PROBLEM TO SOLVE = Reproduce the records below exactly, leaving their images out.

MATERIAL PROVIDED =
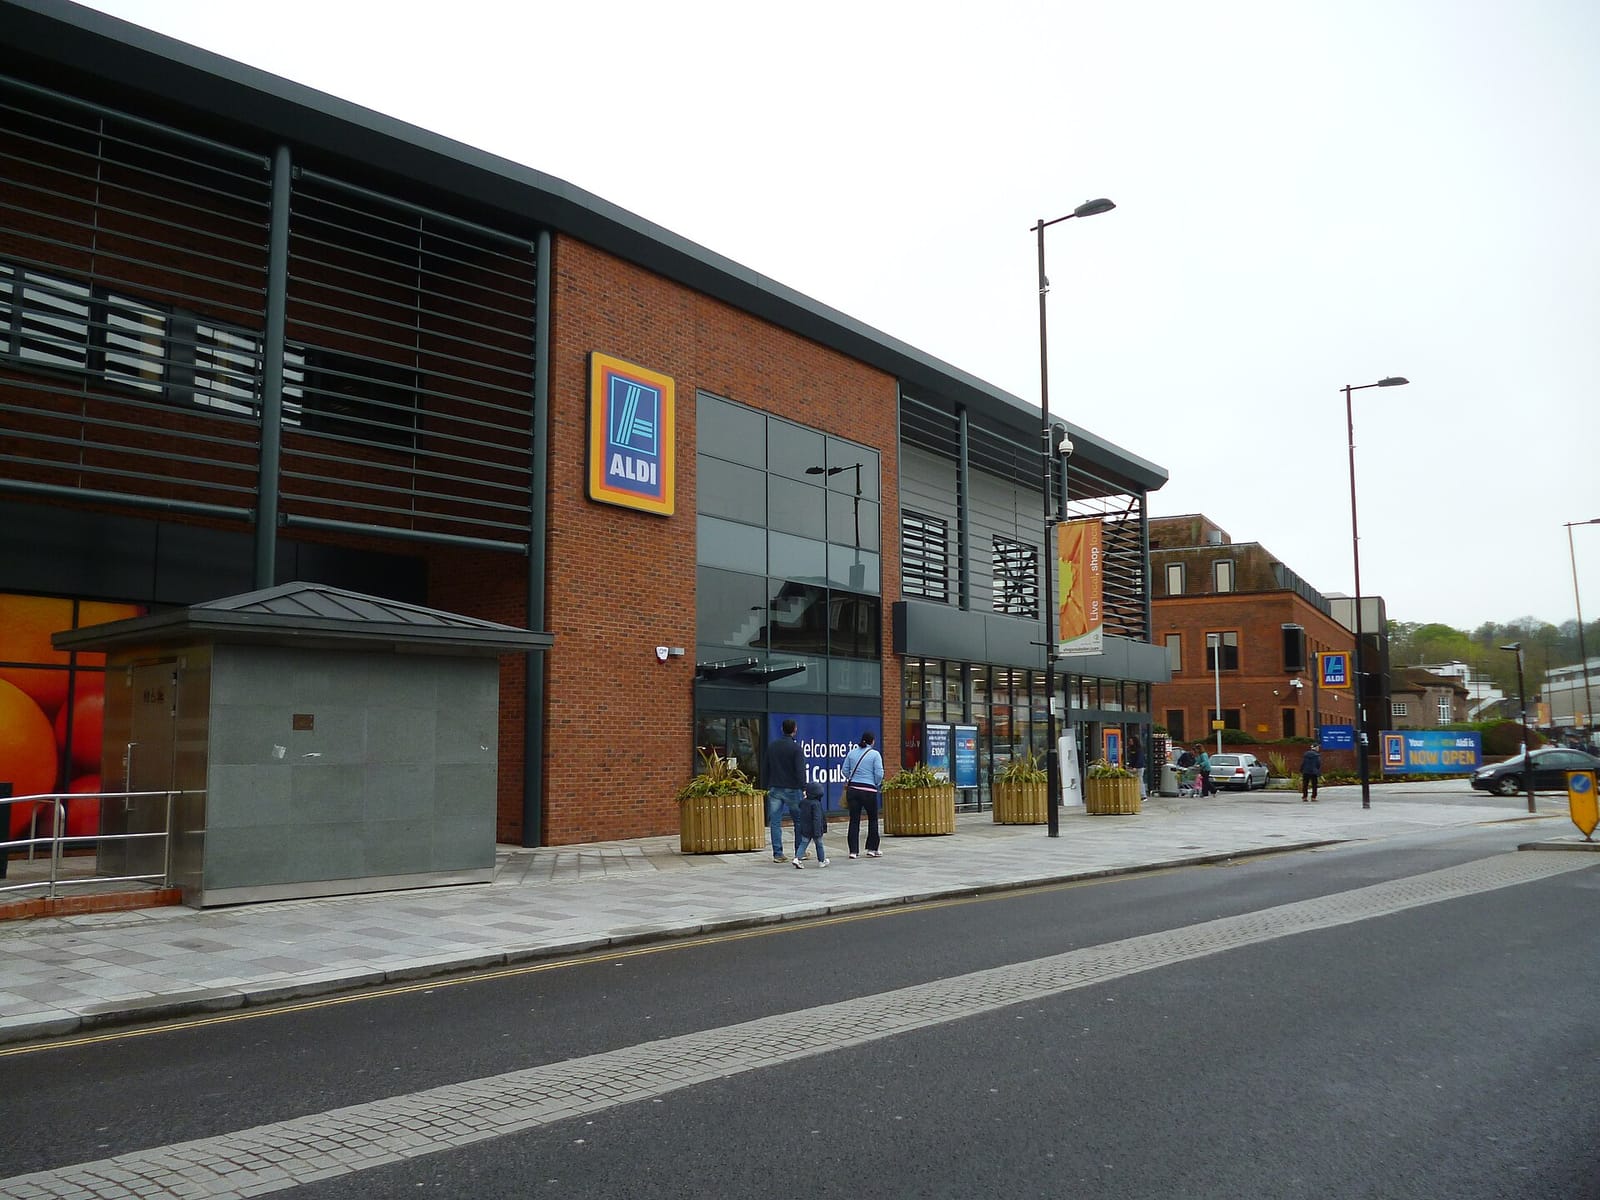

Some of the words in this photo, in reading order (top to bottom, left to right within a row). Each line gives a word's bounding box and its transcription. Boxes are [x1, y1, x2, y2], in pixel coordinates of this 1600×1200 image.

[609, 452, 657, 486] ALDI
[1090, 547, 1100, 573] shop
[1090, 600, 1099, 622] Live
[1410, 751, 1438, 765] NOW
[1442, 751, 1475, 765] OPEN
[812, 764, 849, 783] Couls

ANSWER SPACE =
Some of the words in this photo, in reading order (top to bottom, left to right within a row). Each line gives a word's bounding box and its transcription. Boxes are [x1, y1, x2, y2], in pixel coordinates of this 1600×1200 image.

[609, 452, 657, 486] ALDI
[1090, 547, 1100, 573] shop
[1090, 600, 1099, 622] Live
[1410, 751, 1438, 765] NOW
[1442, 751, 1475, 765] OPEN
[812, 764, 849, 783] Couls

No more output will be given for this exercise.